While Gabriyesos began his studies and learned Hebrew – in which he conducts most of this interview via an interpreter – he was guided in his sporting activities by an Ethiopian-Israeli coach, Alemayu Faloro.
“He took care of me from the first day,” Gabriyesos says. “He is like my father now. He is a great coach and he has helped me in my personal life not just my running – he has helped me in everything I’m doing like I was his own kid.
“My aunt lives in Tel Aviv and I see her every month or so. And for some years I have an adopted family. I go into their house, their kids are like my little brothers.”
Tachlowini Gabriyesos with his coach, Alemayu Faloro
While he is now through with his schooling he has been allowed to remain there while pursuing a full-time career as an athlete, running with the Tel Aviv-based Emek Hefer and supported by an International Olympic Committee Refugee Athlete Scholarship.
The weekend before last Gabriyesos competed as part of the Athlete Refugee Team in the European 10,000m Cup in Birmingham – another first for the ART project – with his marathon time getting him into the A race. But, still very much in his endurance training, he went off a bit quick but finished doggedly in 30:29.91.
But being in the same race as Britain’s multiple world and Olympic champion Mo Farah – currently less certain of a Tokyo 2020 appearance than he is – made a big impression on the young Eritrean.
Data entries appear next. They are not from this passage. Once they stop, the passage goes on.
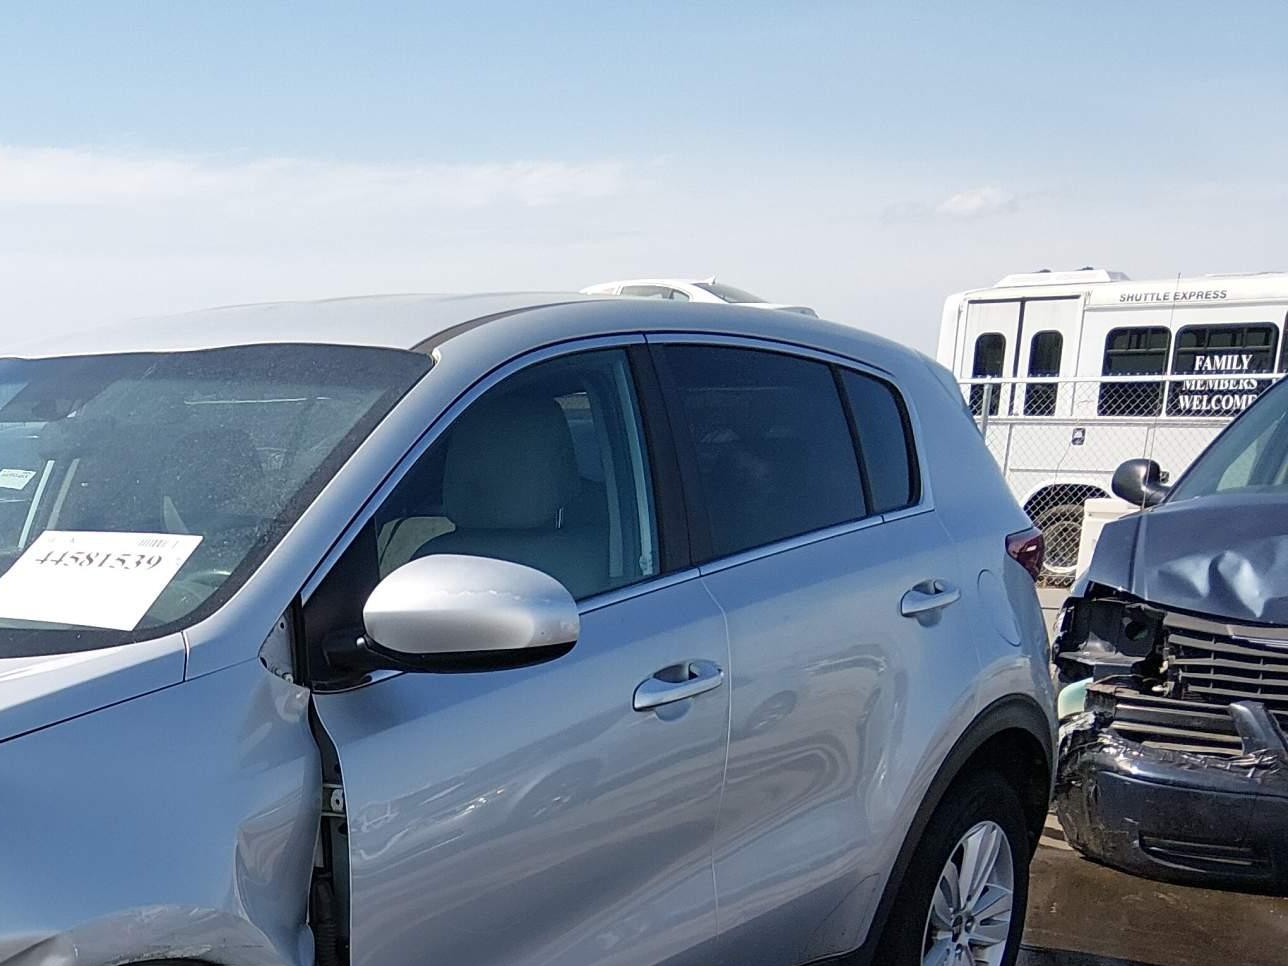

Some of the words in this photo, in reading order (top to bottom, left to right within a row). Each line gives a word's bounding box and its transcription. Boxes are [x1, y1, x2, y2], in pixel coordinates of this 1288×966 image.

[1119, 290, 1170, 302] SHUTTLE
[1173, 289, 1227, 301] EXPRESS
[1194, 354, 1253, 371] FAMILY
[1182, 378, 1258, 391] MEMBERS
[35, 551, 163, 570] 44581539
“I was really excited,” he recalls. “It was crazy for me to be in the same race as Mo Farah, it was a great honour. He is one of the best of all time.
“Israel is a beautiful country – when I was in Birmingham I just wanted to come back to my home because I missed it! It is difficult when you want to travel, you need all these visas, but I am looking on the bright side that I am very happy here.”
While Gabriyesos knows where his family are in Eritrea, communicating with them is very difficult as there is no WiFi or phone connection in their village.
“I manage to speak to them once every four or five months,” he says. “They are a very big family and their village has no connection.
“I wish I could just call them now – they would be so proud of me, so happy. But I can’t do it.
“The Olympics is my biggest dream. Today is such a special day and I am so excited. Now my goal is just to be the best I can for Tokyo. What is important for me is that I am representing this unique, unusual Olympic Refugee Team. It is a big honour. I feel like I am representing 80 or 100 million people all over the world, that can watch me and can say it is possible and we can do it as well.
“I want to be an idol for refugee kids that can see it is possible to achieve your dreams even if you are a refugee boy. All over the world.”